U.S. Rep. Leonard Lance (R-NJ) led a bipartisan call on Monday for the Trump administration to preserve federal tax deductions for state and local real estate taxes, personal property taxes and sales taxes as part of any tax reform plan.
The letter to Treasury Secretary Steve Mnuchin was in response to a draft plan to reform the tax code released by the administration earlier this year that proposed striking federal deductions for state and local taxes, which are used by about a third of taxpayers.
“New Jersey residents pay the highest property taxes in the United States,” the letter states. “Eliminating this deduction would increase taxes on the average New Jersey taxpayer by $3,500 per year. We hope you will reconsider this dramatic increase to the tax burden borne to families and homeowners in select high-cost states.”
Lance has argued that residents of New Jersey pay a hefty portion of federal taxes but don’t see as much in-state federal funding as taxpayers in other states, and eliminating the federal deduction would advance the disparity.

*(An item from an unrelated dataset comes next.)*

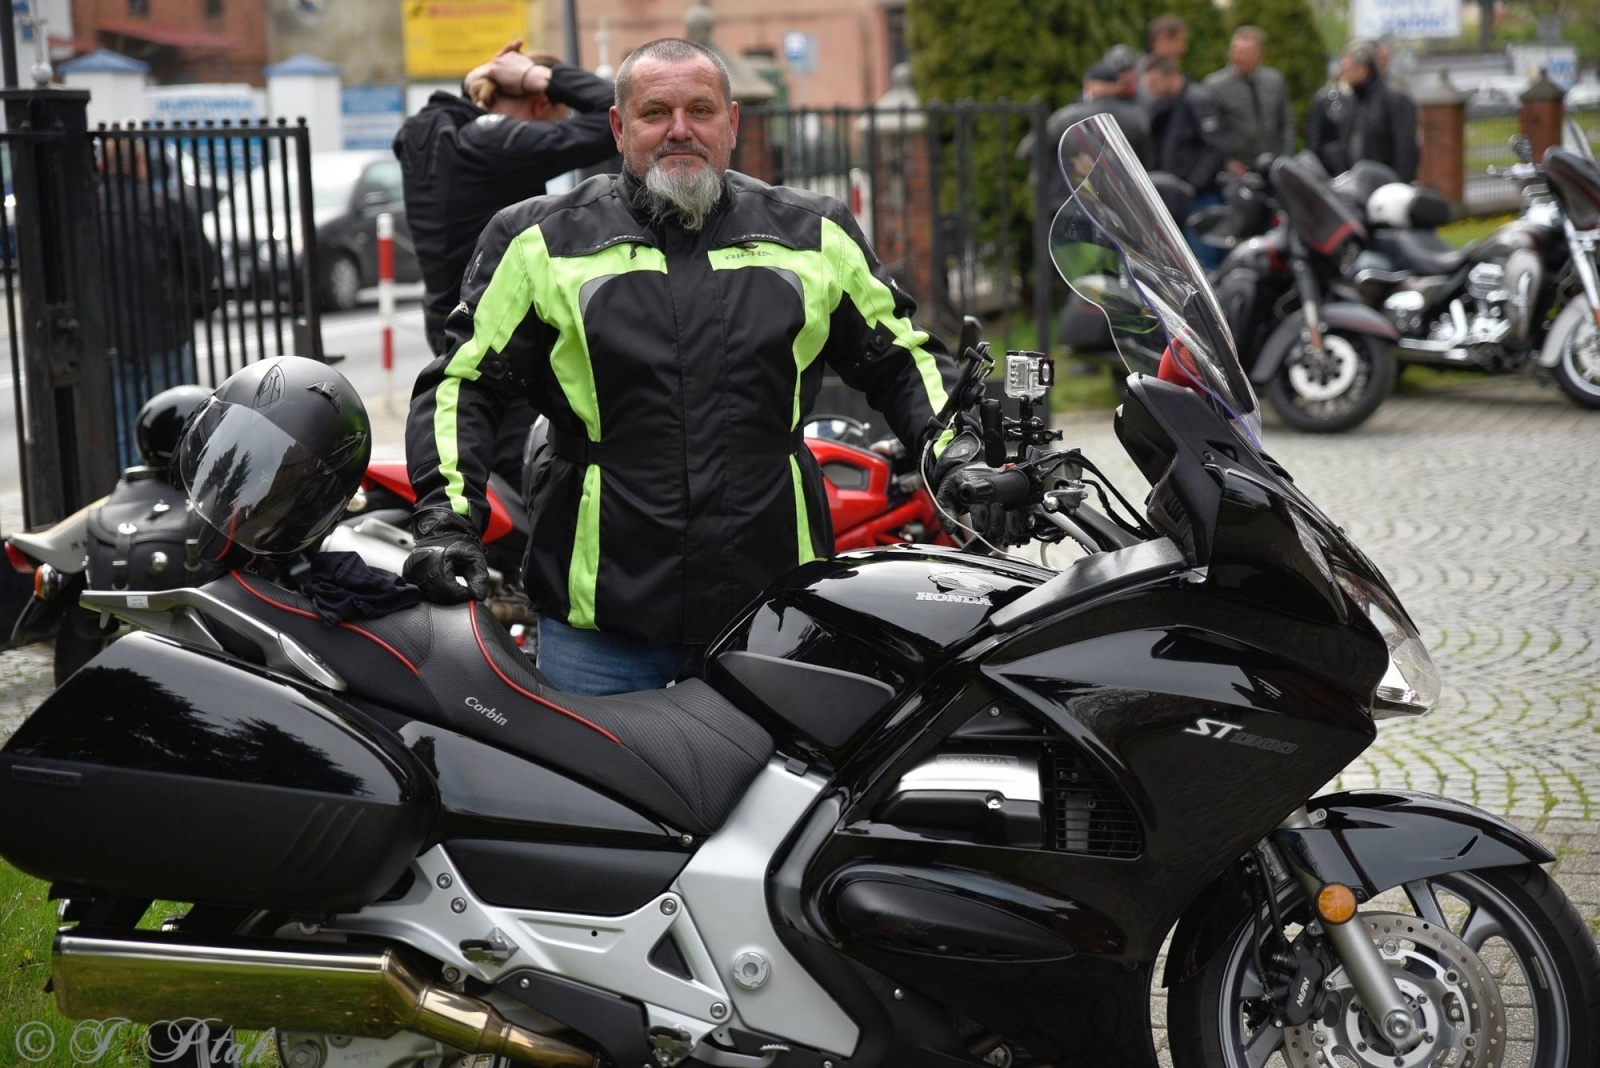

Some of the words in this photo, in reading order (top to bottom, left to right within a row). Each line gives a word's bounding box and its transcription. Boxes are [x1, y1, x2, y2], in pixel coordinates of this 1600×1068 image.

“The deduction primarily benefits middle- and lower-income earners: nearly 85 percent of those claiming the state and local deduction in New Jersey have household incomes below $200,000 per year,” Lance said. “Furthermore, states like New Jersey already disproportionately provide revenue to the federal government while receiving less than they give in return. According to the Tax Foundation, New Jersey ranked 41st in states by percentage of revenue coming from the federal government.”
Itemizing deductions for state and local taxes resulted in $7.7 billion for taxpayers in New York in 2014 alone, the letter states, which amounts to $6,600 per affected taxpayer. And high-tax states like California and Illinois are similarly affected.
“In California and Illinois, the state and local tax deduction also represents a sizable portion of taxpayers’ income, accounting for approximately 8 percent of the average itemizer’s adjusted gross income, and 6 percent, respectively,” the letter states. “In California, nearly 5.9 million residents claimed the deduction, with nearly 84 percent of those earning less than $200,000 in annual household income. In Illinois, the numbers were similar: 86 percent of the nearly 2 million Illinois residents claiming the deduction are households making less than $200,000 per year.”
The letter also noted that the National Governors Association, United States Conference of Mayors and the National Conference of State Legislatures have opposed the elimination of state and local tax deductions.